» **TASK DIRECTIONS**
Copy the records below exactly, leaving out every picture.

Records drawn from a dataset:
------------------------------------

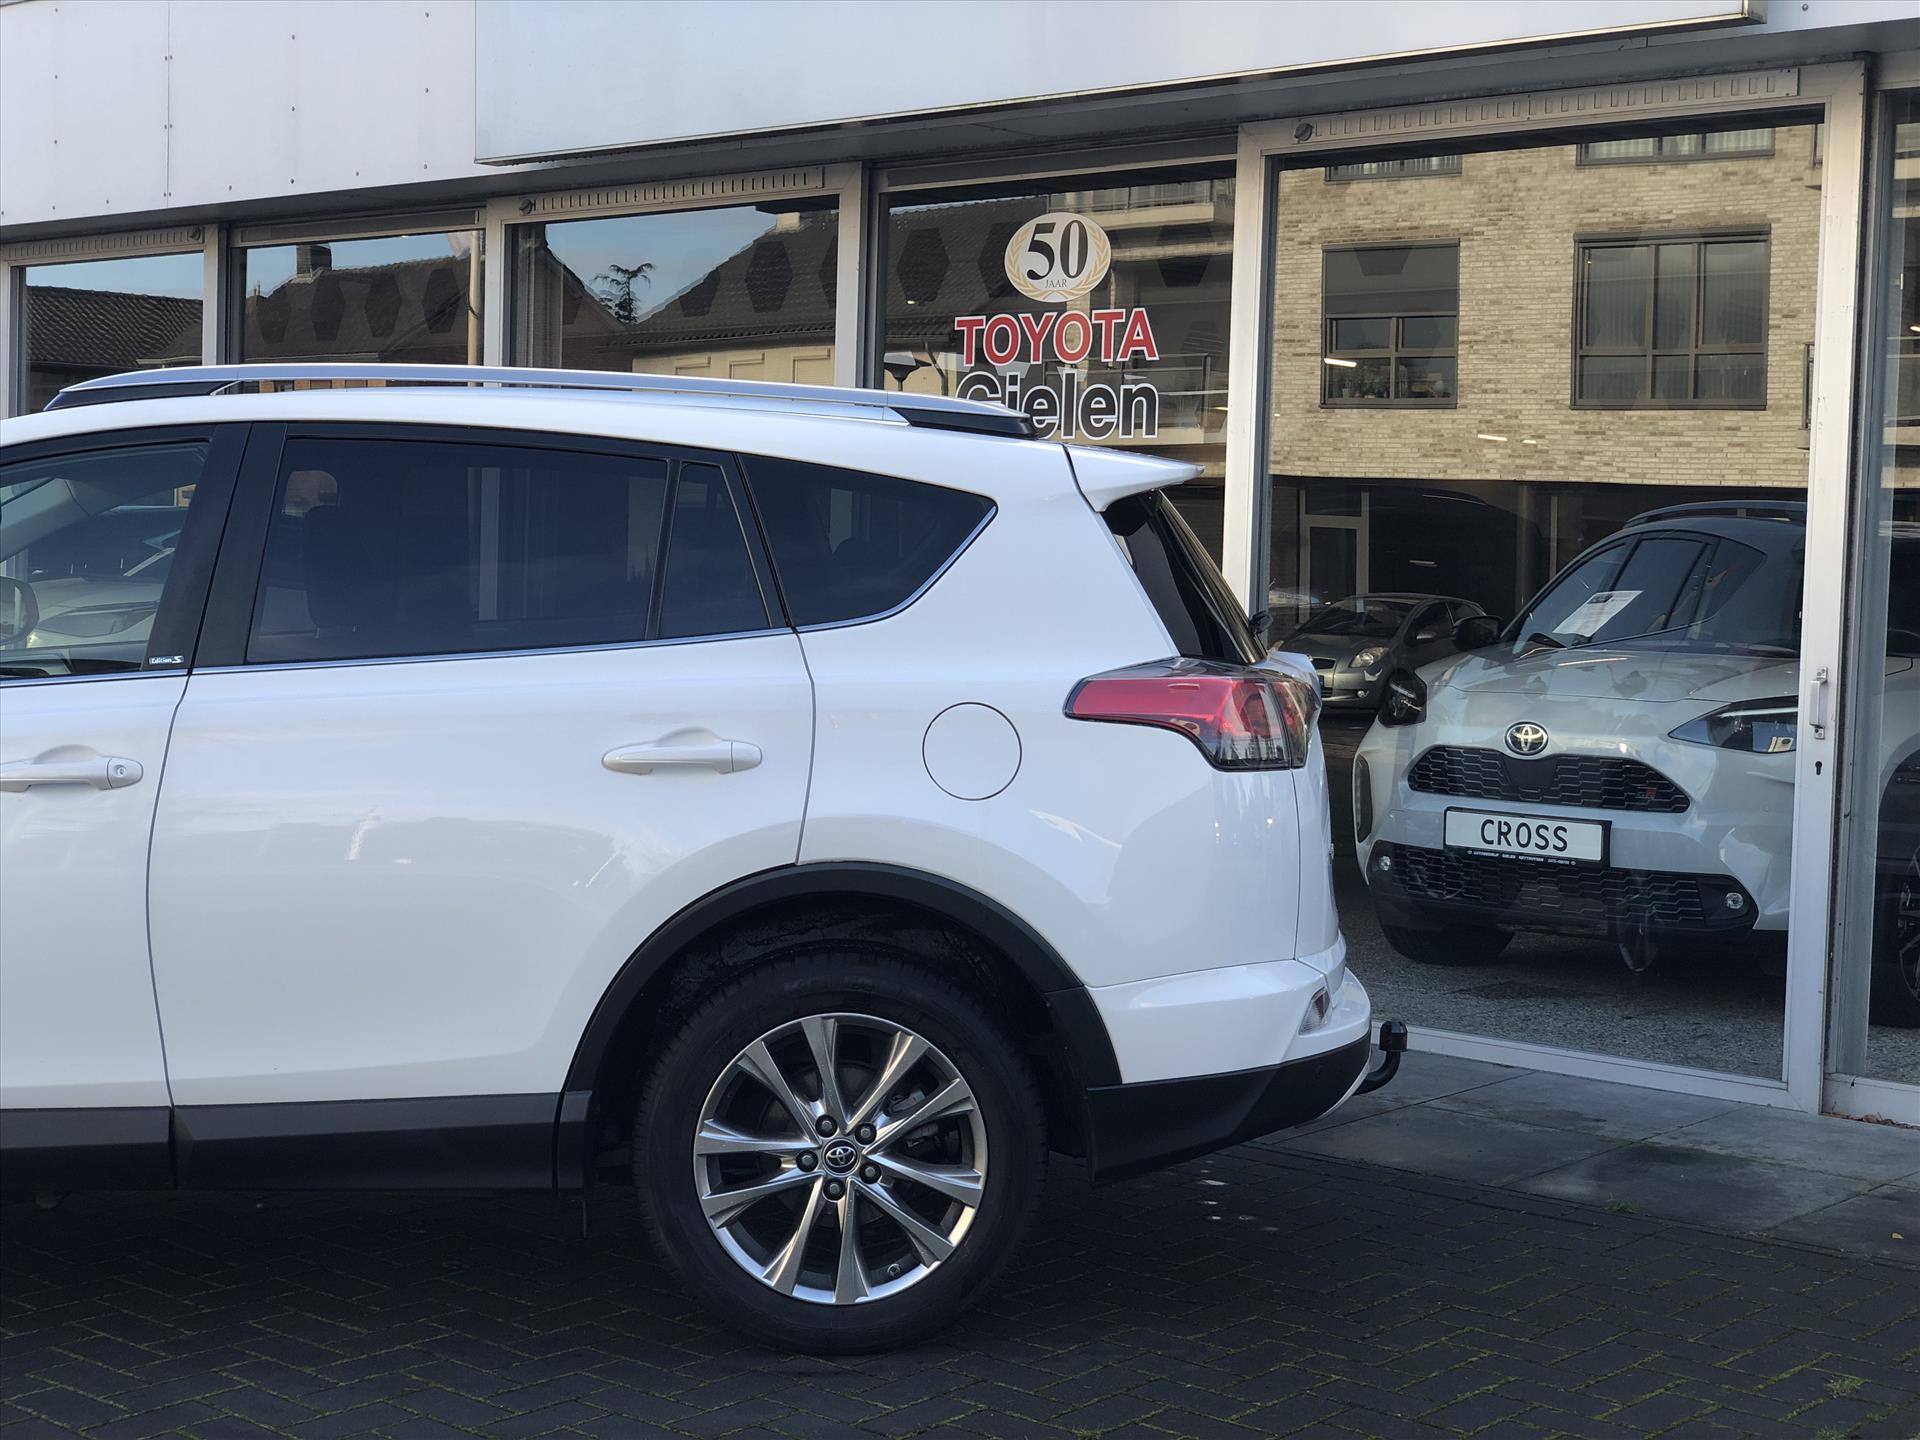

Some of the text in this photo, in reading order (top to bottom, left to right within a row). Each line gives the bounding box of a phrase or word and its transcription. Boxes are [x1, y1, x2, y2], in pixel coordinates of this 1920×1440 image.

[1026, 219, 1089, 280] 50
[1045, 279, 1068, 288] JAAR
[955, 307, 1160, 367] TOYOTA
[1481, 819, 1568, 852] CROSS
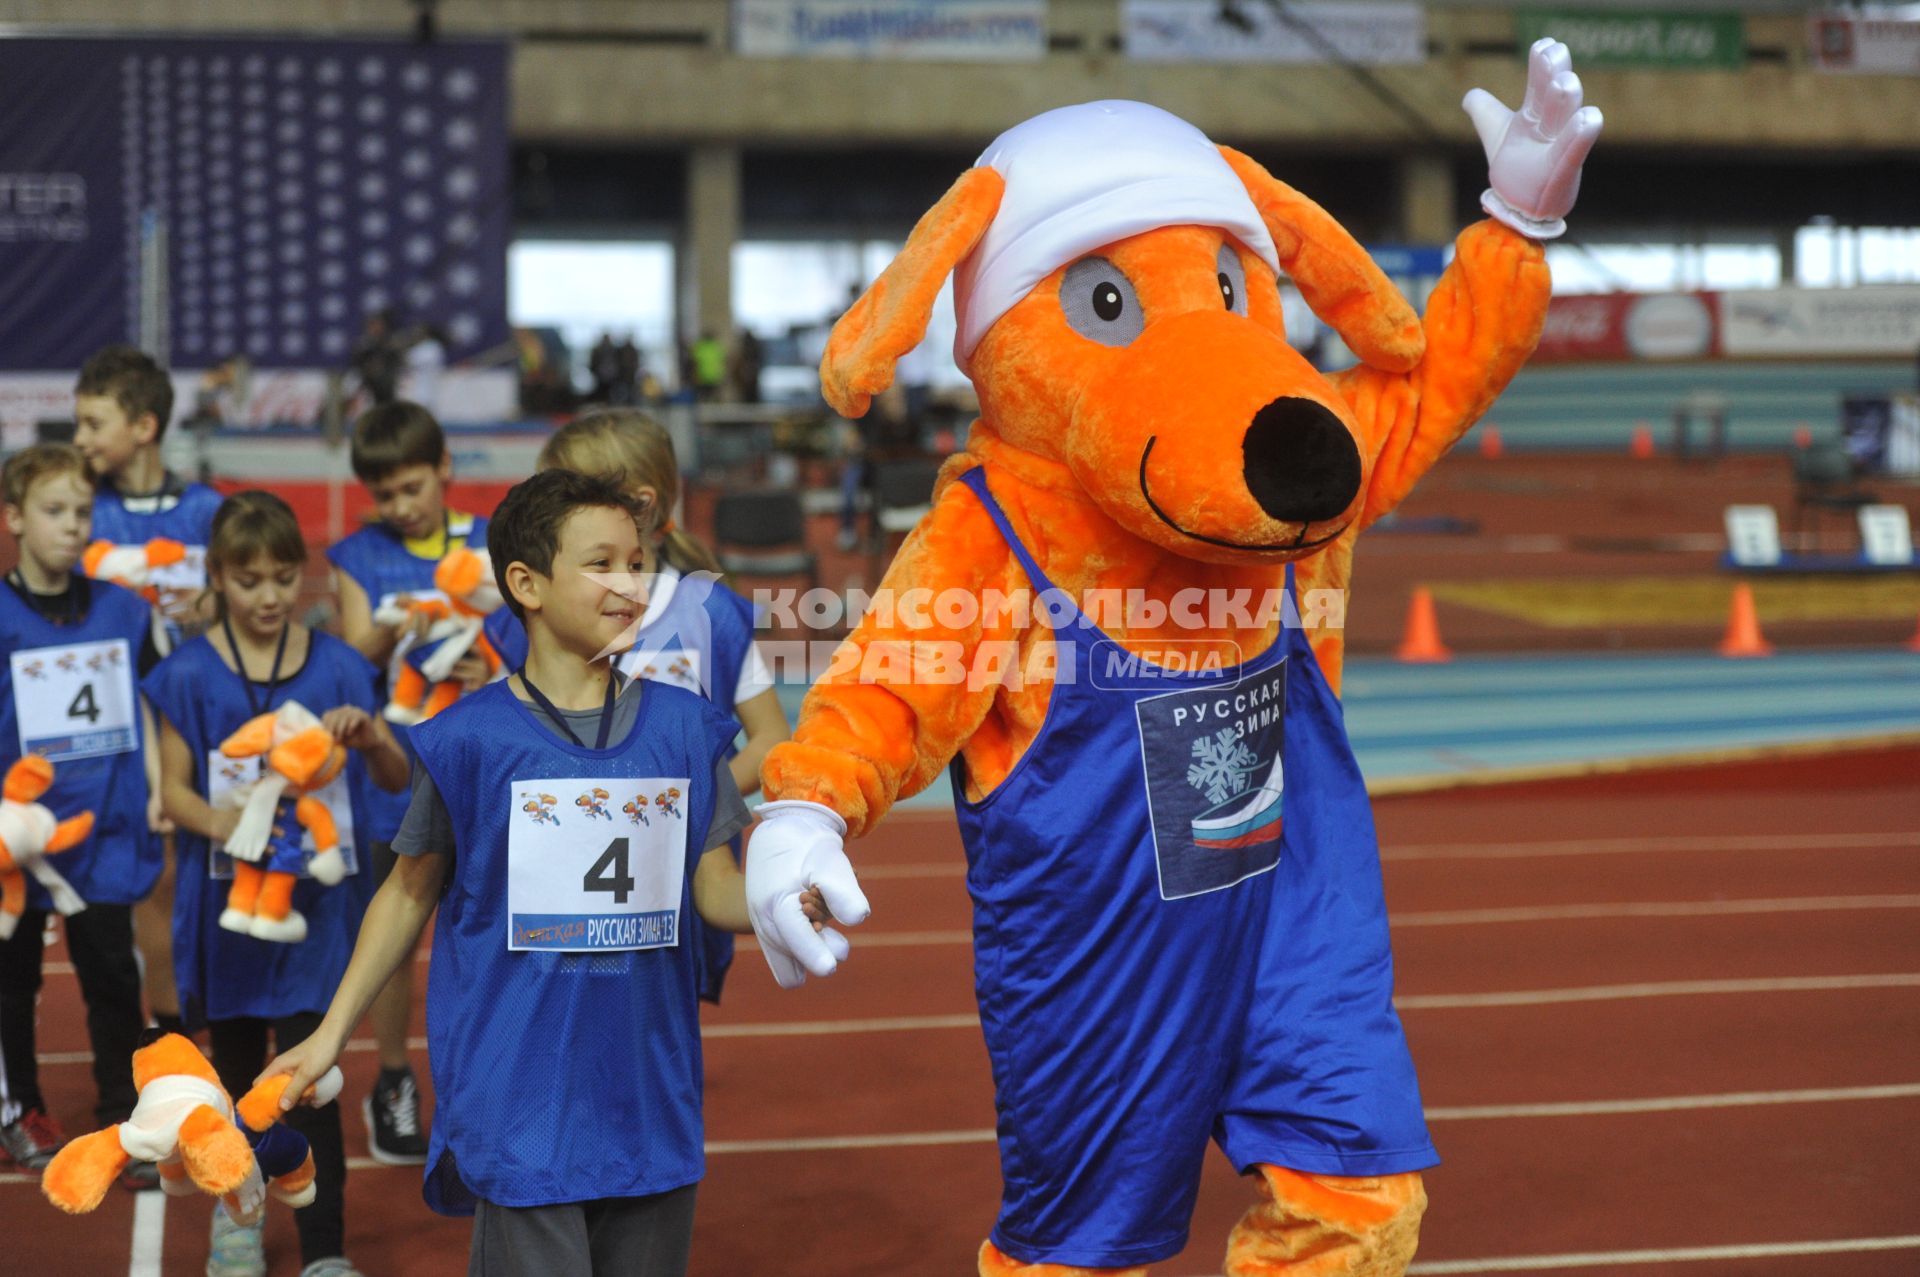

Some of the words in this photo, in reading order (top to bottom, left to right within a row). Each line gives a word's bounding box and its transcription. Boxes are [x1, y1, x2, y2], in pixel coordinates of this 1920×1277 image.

------------------------------------

» **ANSWER TO THIS TASK**
Some of the text in this photo, in reading order (top to bottom, left to right within a row). Each line gives the bounding box of a phrase or word and its transcription. Boxes are [x1, y1, x2, y2], in pixel coordinates of this 1920×1440 image.

[1026, 219, 1089, 280] 50
[1045, 279, 1068, 288] JAAR
[955, 307, 1160, 367] TOYOTA
[1481, 819, 1568, 852] CROSS

Some of the words in this photo, in reading order (top to bottom, left to right within a row). Each line gives a word's bounding box and its transcription. Boxes are [x1, y1, x2, y2], in pixel coordinates of this 1920×1277 image.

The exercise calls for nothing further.